↓

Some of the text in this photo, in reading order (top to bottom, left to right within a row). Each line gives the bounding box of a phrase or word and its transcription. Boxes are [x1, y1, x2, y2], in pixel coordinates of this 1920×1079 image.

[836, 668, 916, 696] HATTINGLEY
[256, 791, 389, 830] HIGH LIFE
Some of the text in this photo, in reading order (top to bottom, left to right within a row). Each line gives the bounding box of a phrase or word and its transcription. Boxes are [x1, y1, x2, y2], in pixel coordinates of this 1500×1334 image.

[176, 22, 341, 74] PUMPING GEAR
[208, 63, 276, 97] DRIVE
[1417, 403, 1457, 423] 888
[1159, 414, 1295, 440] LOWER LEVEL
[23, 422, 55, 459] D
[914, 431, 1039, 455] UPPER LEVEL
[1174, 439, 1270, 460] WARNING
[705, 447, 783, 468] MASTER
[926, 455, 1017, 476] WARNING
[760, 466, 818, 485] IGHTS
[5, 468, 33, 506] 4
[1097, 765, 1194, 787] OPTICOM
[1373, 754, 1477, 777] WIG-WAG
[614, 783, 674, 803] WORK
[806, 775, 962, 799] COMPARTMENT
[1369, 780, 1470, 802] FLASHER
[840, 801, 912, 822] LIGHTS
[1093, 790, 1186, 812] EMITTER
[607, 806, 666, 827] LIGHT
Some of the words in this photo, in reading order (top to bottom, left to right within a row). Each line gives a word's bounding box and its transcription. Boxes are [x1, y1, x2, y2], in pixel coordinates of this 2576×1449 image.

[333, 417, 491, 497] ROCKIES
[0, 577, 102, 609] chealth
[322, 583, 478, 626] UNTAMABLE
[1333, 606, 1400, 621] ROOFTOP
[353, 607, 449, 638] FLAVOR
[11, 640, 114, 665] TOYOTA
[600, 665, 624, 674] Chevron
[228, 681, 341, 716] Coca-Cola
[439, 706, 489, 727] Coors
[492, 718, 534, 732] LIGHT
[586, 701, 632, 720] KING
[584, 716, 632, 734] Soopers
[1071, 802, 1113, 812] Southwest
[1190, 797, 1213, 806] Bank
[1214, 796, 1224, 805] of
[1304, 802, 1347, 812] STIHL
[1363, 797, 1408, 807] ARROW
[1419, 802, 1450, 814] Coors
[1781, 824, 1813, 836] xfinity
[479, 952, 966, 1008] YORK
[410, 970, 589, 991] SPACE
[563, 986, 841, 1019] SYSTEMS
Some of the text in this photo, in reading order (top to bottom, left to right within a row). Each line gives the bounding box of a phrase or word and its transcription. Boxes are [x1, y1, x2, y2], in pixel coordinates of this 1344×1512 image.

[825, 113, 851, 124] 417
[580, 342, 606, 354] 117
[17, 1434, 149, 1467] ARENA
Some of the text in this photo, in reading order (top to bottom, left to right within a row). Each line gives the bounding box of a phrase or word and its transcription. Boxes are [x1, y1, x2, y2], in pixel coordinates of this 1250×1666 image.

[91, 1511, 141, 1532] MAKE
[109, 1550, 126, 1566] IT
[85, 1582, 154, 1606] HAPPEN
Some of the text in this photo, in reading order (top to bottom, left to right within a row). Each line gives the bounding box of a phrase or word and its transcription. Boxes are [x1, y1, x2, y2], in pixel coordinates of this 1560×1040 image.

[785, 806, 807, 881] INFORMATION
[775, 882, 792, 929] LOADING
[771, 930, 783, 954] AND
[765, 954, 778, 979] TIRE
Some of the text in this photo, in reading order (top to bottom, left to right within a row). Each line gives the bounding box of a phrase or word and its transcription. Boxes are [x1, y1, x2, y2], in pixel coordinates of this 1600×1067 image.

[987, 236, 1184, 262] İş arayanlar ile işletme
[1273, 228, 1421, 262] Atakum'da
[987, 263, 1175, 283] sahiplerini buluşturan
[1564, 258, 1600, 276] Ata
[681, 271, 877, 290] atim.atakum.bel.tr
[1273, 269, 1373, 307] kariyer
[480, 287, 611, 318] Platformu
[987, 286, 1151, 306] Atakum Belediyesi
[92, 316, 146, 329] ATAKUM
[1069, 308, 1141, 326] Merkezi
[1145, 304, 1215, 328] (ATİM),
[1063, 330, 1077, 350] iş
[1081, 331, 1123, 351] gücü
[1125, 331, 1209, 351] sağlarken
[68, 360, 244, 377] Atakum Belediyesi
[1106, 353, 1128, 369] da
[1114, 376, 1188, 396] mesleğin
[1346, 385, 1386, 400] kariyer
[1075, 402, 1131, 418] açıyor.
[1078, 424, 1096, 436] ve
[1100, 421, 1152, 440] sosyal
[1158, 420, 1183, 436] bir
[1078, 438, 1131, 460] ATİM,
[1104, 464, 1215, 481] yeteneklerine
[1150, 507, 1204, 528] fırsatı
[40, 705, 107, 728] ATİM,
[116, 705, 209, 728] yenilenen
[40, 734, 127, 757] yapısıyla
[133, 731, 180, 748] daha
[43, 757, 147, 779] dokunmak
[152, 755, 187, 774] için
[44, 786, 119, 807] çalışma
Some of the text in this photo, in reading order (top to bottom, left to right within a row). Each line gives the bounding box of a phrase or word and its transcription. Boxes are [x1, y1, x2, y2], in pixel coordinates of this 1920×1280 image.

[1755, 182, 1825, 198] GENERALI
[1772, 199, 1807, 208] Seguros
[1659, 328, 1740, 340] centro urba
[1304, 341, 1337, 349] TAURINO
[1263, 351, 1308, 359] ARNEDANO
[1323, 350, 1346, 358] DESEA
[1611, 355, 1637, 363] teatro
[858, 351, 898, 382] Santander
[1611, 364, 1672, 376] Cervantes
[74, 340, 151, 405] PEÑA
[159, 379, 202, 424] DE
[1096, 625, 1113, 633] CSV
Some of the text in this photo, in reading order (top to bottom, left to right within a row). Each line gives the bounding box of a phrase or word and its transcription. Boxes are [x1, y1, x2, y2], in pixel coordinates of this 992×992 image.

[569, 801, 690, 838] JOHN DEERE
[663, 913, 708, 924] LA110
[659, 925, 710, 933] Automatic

↑

**WORK TASK**
Transcribe each line above exactly; skip none.

**TASK RESPONSE**
Some of the text in this photo, in reading order (top to bottom, left to right within a row). Each line gives the bounding box of a phrase or word and its transcription. Boxes are [x1, y1, x2, y2], in pixel coordinates of this 1920×1079 image.

[836, 668, 916, 696] HATTINGLEY
[256, 791, 389, 830] HIGH LIFE
Some of the text in this photo, in reading order (top to bottom, left to right within a row). Each line gives the bounding box of a phrase or word and its transcription. Boxes are [x1, y1, x2, y2], in pixel coordinates of this 1500×1334 image.

[176, 22, 341, 74] PUMPING GEAR
[208, 63, 276, 97] DRIVE
[1417, 403, 1457, 423] 888
[1159, 414, 1295, 440] LOWER LEVEL
[23, 422, 55, 459] D
[914, 431, 1039, 455] UPPER LEVEL
[1174, 439, 1270, 460] WARNING
[705, 447, 783, 468] MASTER
[926, 455, 1017, 476] WARNING
[760, 466, 818, 485] IGHTS
[5, 468, 33, 506] 4
[1097, 765, 1194, 787] OPTICOM
[1373, 754, 1477, 777] WIG-WAG
[614, 783, 674, 803] WORK
[806, 775, 962, 799] COMPARTMENT
[1369, 780, 1470, 802] FLASHER
[840, 801, 912, 822] LIGHTS
[1093, 790, 1186, 812] EMITTER
[607, 806, 666, 827] LIGHT
Some of the words in this photo, in reading order (top to bottom, left to right within a row). Each line gives a word's bounding box and its transcription. Boxes are [x1, y1, x2, y2], in pixel coordinates of this 2576×1449 image.

[333, 417, 491, 497] ROCKIES
[0, 577, 102, 609] chealth
[322, 583, 478, 626] UNTAMABLE
[1333, 606, 1400, 621] ROOFTOP
[353, 607, 449, 638] FLAVOR
[11, 640, 114, 665] TOYOTA
[600, 665, 624, 674] Chevron
[228, 681, 341, 716] Coca-Cola
[439, 706, 489, 727] Coors
[492, 718, 534, 732] LIGHT
[586, 701, 632, 720] KING
[584, 716, 632, 734] Soopers
[1071, 802, 1113, 812] Southwest
[1190, 797, 1213, 806] Bank
[1214, 796, 1224, 805] of
[1304, 802, 1347, 812] STIHL
[1363, 797, 1408, 807] ARROW
[1419, 802, 1450, 814] Coors
[1781, 824, 1813, 836] xfinity
[479, 952, 966, 1008] YORK
[410, 970, 589, 991] SPACE
[563, 986, 841, 1019] SYSTEMS
Some of the text in this photo, in reading order (top to bottom, left to right within a row). Each line gives the bounding box of a phrase or word and its transcription. Boxes are [x1, y1, x2, y2], in pixel coordinates of this 1344×1512 image.

[825, 113, 851, 124] 417
[580, 342, 606, 354] 117
[17, 1434, 149, 1467] ARENA
Some of the text in this photo, in reading order (top to bottom, left to right within a row). Each line gives the bounding box of a phrase or word and its transcription. Boxes are [x1, y1, x2, y2], in pixel coordinates of this 1250×1666 image.

[91, 1511, 141, 1532] MAKE
[109, 1550, 126, 1566] IT
[85, 1582, 154, 1606] HAPPEN
Some of the text in this photo, in reading order (top to bottom, left to right within a row). Each line gives the bounding box of a phrase or word and its transcription. Boxes are [x1, y1, x2, y2], in pixel coordinates of this 1560×1040 image.

[785, 806, 807, 881] INFORMATION
[775, 882, 792, 929] LOADING
[771, 930, 783, 954] AND
[765, 954, 778, 979] TIRE
Some of the text in this photo, in reading order (top to bottom, left to right within a row). Each line gives the bounding box of a phrase or word and its transcription. Boxes are [x1, y1, x2, y2], in pixel coordinates of this 1600×1067 image.

[987, 236, 1184, 262] İş arayanlar ile işletme
[1273, 228, 1421, 262] Atakum'da
[987, 263, 1175, 283] sahiplerini buluşturan
[1564, 258, 1600, 276] Ata
[681, 271, 877, 290] atim.atakum.bel.tr
[1273, 269, 1373, 307] kariyer
[480, 287, 611, 318] Platformu
[987, 286, 1151, 306] Atakum Belediyesi
[92, 316, 146, 329] ATAKUM
[1069, 308, 1141, 326] Merkezi
[1145, 304, 1215, 328] (ATİM),
[1063, 330, 1077, 350] iş
[1081, 331, 1123, 351] gücü
[1125, 331, 1209, 351] sağlarken
[68, 360, 244, 377] Atakum Belediyesi
[1106, 353, 1128, 369] da
[1114, 376, 1188, 396] mesleğin
[1346, 385, 1386, 400] kariyer
[1075, 402, 1131, 418] açıyor.
[1078, 424, 1096, 436] ve
[1100, 421, 1152, 440] sosyal
[1158, 420, 1183, 436] bir
[1078, 438, 1131, 460] ATİM,
[1104, 464, 1215, 481] yeteneklerine
[1150, 507, 1204, 528] fırsatı
[40, 705, 107, 728] ATİM,
[116, 705, 209, 728] yenilenen
[40, 734, 127, 757] yapısıyla
[133, 731, 180, 748] daha
[43, 757, 147, 779] dokunmak
[152, 755, 187, 774] için
[44, 786, 119, 807] çalışma
Some of the text in this photo, in reading order (top to bottom, left to right within a row). Each line gives the bounding box of a phrase or word and its transcription. Boxes are [x1, y1, x2, y2], in pixel coordinates of this 1920×1280 image.

[1755, 182, 1825, 198] GENERALI
[1772, 199, 1807, 208] Seguros
[1659, 328, 1740, 340] centro urba
[1304, 341, 1337, 349] TAURINO
[1263, 351, 1308, 359] ARNEDANO
[1323, 350, 1346, 358] DESEA
[1611, 355, 1637, 363] teatro
[858, 351, 898, 382] Santander
[1611, 364, 1672, 376] Cervantes
[74, 340, 151, 405] PEÑA
[159, 379, 202, 424] DE
[1096, 625, 1113, 633] CSV
Some of the text in this photo, in reading order (top to bottom, left to right within a row). Each line gives the bounding box of a phrase or word and its transcription. Boxes are [x1, y1, x2, y2], in pixel coordinates of this 992×992 image.

[569, 801, 690, 838] JOHN DEERE
[663, 913, 708, 924] LA110
[659, 925, 710, 933] Automatic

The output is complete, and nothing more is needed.